=== LISTED RECORDS ===

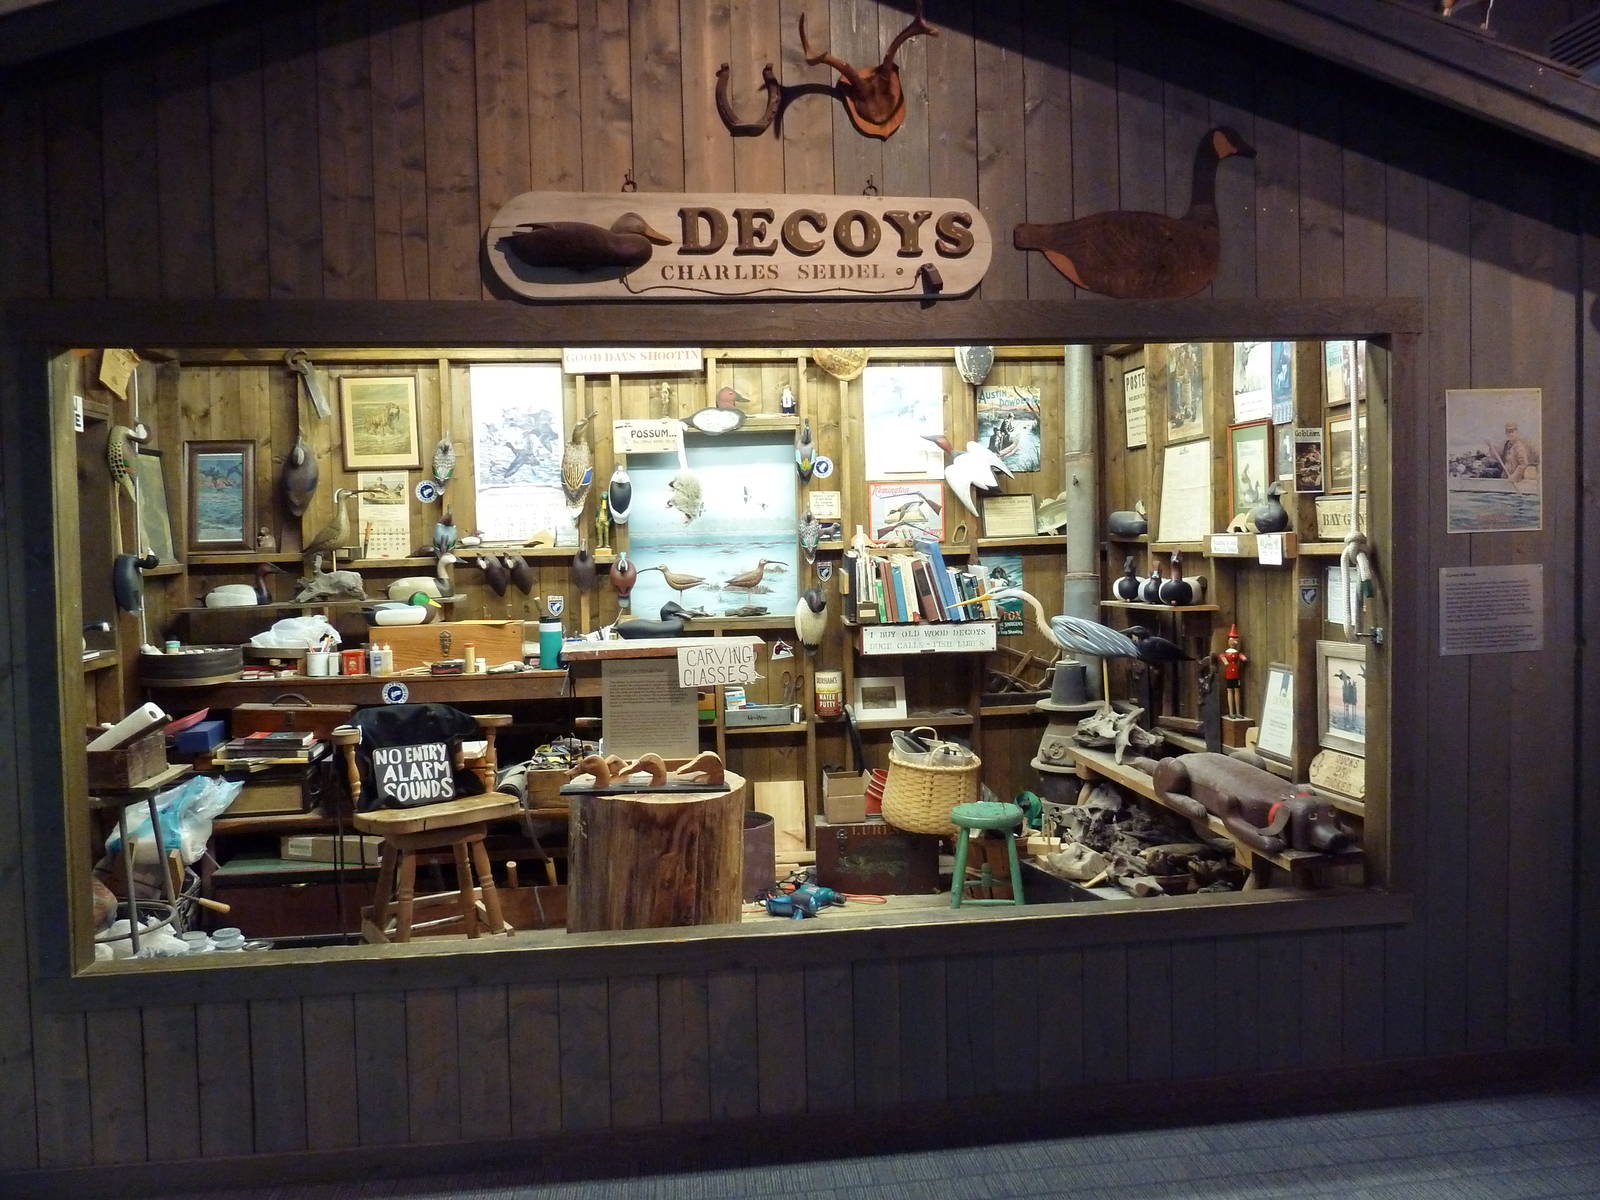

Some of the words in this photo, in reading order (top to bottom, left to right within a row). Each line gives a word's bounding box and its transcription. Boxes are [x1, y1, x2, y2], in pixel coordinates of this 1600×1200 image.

[677, 206, 976, 258] DECOYS
[660, 263, 780, 281] CHARLES
[797, 262, 886, 280] SEIDEL
[566, 352, 602, 363] GOOD
[605, 351, 637, 362] DAYS
[1125, 372, 1146, 392] POSTE
[978, 389, 1007, 404] AUSTIN
[1322, 513, 1341, 526] BAY
[869, 631, 874, 639] I
[880, 631, 896, 639] BUY
[901, 630, 920, 638] OLD
[924, 630, 949, 638] WOOD
[953, 628, 986, 637] DECOYS
[897, 641, 924, 649] CALLS
[686, 645, 753, 667] CARVING
[683, 664, 749, 687] CLASSES
[375, 748, 402, 765] NO
[404, 743, 447, 763] ENTRY
[383, 760, 451, 783] ALARM
[383, 777, 454, 802] SOUNDS

===

- [YOUR TASK] Write the records out once more, exactly as they appear, with no pictures.

- [RESULT OF THIS EXERCISE]
Some of the words in this photo, in reading order (top to bottom, left to right within a row). Each line gives a word's bounding box and its transcription. Boxes are [x1, y1, x2, y2], in pixel coordinates of this 1600×1200 image.

[677, 206, 976, 258] DECOYS
[660, 263, 780, 281] CHARLES
[797, 262, 886, 280] SEIDEL
[566, 352, 602, 363] GOOD
[605, 351, 637, 362] DAYS
[1125, 372, 1146, 392] POSTE
[978, 389, 1007, 404] AUSTIN
[1322, 513, 1341, 526] BAY
[869, 631, 874, 639] I
[880, 631, 896, 639] BUY
[901, 630, 920, 638] OLD
[924, 630, 949, 638] WOOD
[953, 628, 986, 637] DECOYS
[897, 641, 924, 649] CALLS
[686, 645, 753, 667] CARVING
[683, 664, 749, 687] CLASSES
[375, 748, 402, 765] NO
[404, 743, 447, 763] ENTRY
[383, 760, 451, 783] ALARM
[383, 777, 454, 802] SOUNDS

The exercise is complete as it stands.